** Opening Extracted data block **

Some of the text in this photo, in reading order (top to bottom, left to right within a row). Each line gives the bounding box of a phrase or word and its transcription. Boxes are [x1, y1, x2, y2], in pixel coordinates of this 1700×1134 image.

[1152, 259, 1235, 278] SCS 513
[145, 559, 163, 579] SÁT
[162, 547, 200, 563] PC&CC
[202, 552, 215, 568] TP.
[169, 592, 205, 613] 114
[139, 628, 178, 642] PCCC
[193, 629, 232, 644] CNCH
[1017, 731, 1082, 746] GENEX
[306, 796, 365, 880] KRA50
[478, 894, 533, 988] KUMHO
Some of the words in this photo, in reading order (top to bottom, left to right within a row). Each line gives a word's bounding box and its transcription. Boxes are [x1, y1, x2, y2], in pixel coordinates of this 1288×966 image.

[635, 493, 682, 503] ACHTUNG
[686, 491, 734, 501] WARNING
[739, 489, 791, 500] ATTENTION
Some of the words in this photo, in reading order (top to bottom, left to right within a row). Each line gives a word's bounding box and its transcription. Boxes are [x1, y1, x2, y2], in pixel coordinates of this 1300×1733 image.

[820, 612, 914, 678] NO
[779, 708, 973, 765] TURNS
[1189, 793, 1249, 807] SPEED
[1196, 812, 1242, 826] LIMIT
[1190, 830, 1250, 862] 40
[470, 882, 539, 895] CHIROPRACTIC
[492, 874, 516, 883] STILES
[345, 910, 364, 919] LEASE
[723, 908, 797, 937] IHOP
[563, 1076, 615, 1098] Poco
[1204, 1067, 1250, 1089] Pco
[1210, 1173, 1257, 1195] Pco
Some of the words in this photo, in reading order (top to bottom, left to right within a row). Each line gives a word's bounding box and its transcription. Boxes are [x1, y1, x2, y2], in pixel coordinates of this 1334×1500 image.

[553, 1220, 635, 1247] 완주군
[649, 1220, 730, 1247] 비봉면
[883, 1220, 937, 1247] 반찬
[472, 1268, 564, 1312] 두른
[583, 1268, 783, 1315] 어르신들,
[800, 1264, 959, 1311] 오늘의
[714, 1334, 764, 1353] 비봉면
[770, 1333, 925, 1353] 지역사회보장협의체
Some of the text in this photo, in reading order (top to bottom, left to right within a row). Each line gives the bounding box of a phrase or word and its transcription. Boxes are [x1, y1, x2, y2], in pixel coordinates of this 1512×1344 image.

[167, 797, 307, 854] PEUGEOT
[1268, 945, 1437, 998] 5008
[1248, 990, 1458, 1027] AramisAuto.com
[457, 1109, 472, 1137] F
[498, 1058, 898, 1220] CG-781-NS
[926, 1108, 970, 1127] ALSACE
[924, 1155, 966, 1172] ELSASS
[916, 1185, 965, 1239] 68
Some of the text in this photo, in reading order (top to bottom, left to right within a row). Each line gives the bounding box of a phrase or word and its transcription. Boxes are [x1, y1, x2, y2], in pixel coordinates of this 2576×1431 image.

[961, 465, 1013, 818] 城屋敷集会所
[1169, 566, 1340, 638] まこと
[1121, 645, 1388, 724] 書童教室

** Closing Extracted data block **

● **Task objective**
Each of the lines above must appear again, unchanged.

● **Completed task**
Some of the text in this photo, in reading order (top to bottom, left to right within a row). Each line gives the bounding box of a phrase or word and its transcription. Boxes are [x1, y1, x2, y2], in pixel coordinates of this 1700×1134 image.

[1152, 259, 1235, 278] SCS 513
[145, 559, 163, 579] SÁT
[162, 547, 200, 563] PC&CC
[202, 552, 215, 568] TP.
[169, 592, 205, 613] 114
[139, 628, 178, 642] PCCC
[193, 629, 232, 644] CNCH
[1017, 731, 1082, 746] GENEX
[306, 796, 365, 880] KRA50
[478, 894, 533, 988] KUMHO
Some of the words in this photo, in reading order (top to bottom, left to right within a row). Each line gives a word's bounding box and its transcription. Boxes are [x1, y1, x2, y2], in pixel coordinates of this 1288×966 image.

[635, 493, 682, 503] ACHTUNG
[686, 491, 734, 501] WARNING
[739, 489, 791, 500] ATTENTION
Some of the words in this photo, in reading order (top to bottom, left to right within a row). Each line gives a word's bounding box and its transcription. Boxes are [x1, y1, x2, y2], in pixel coordinates of this 1300×1733 image.

[820, 612, 914, 678] NO
[779, 708, 973, 765] TURNS
[1189, 793, 1249, 807] SPEED
[1196, 812, 1242, 826] LIMIT
[1190, 830, 1250, 862] 40
[470, 882, 539, 895] CHIROPRACTIC
[492, 874, 516, 883] STILES
[345, 910, 364, 919] LEASE
[723, 908, 797, 937] IHOP
[563, 1076, 615, 1098] Poco
[1204, 1067, 1250, 1089] Pco
[1210, 1173, 1257, 1195] Pco
Some of the words in this photo, in reading order (top to bottom, left to right within a row). Each line gives a word's bounding box and its transcription. Boxes are [x1, y1, x2, y2], in pixel coordinates of this 1334×1500 image.

[553, 1220, 635, 1247] 완주군
[649, 1220, 730, 1247] 비봉면
[883, 1220, 937, 1247] 반찬
[472, 1268, 564, 1312] 두른
[583, 1268, 783, 1315] 어르신들,
[800, 1264, 959, 1311] 오늘의
[714, 1334, 764, 1353] 비봉면
[770, 1333, 925, 1353] 지역사회보장협의체
Some of the text in this photo, in reading order (top to bottom, left to right within a row). Each line gives the bounding box of a phrase or word and its transcription. Boxes are [x1, y1, x2, y2], in pixel coordinates of this 1512×1344 image.

[167, 797, 307, 854] PEUGEOT
[1268, 945, 1437, 998] 5008
[1248, 990, 1458, 1027] AramisAuto.com
[457, 1109, 472, 1137] F
[498, 1058, 898, 1220] CG-781-NS
[926, 1108, 970, 1127] ALSACE
[924, 1155, 966, 1172] ELSASS
[916, 1185, 965, 1239] 68
Some of the text in this photo, in reading order (top to bottom, left to right within a row). Each line gives the bounding box of a phrase or word and its transcription. Boxes are [x1, y1, x2, y2], in pixel coordinates of this 2576×1431 image.

[961, 465, 1013, 818] 城屋敷集会所
[1169, 566, 1340, 638] まこと
[1121, 645, 1388, 724] 書童教室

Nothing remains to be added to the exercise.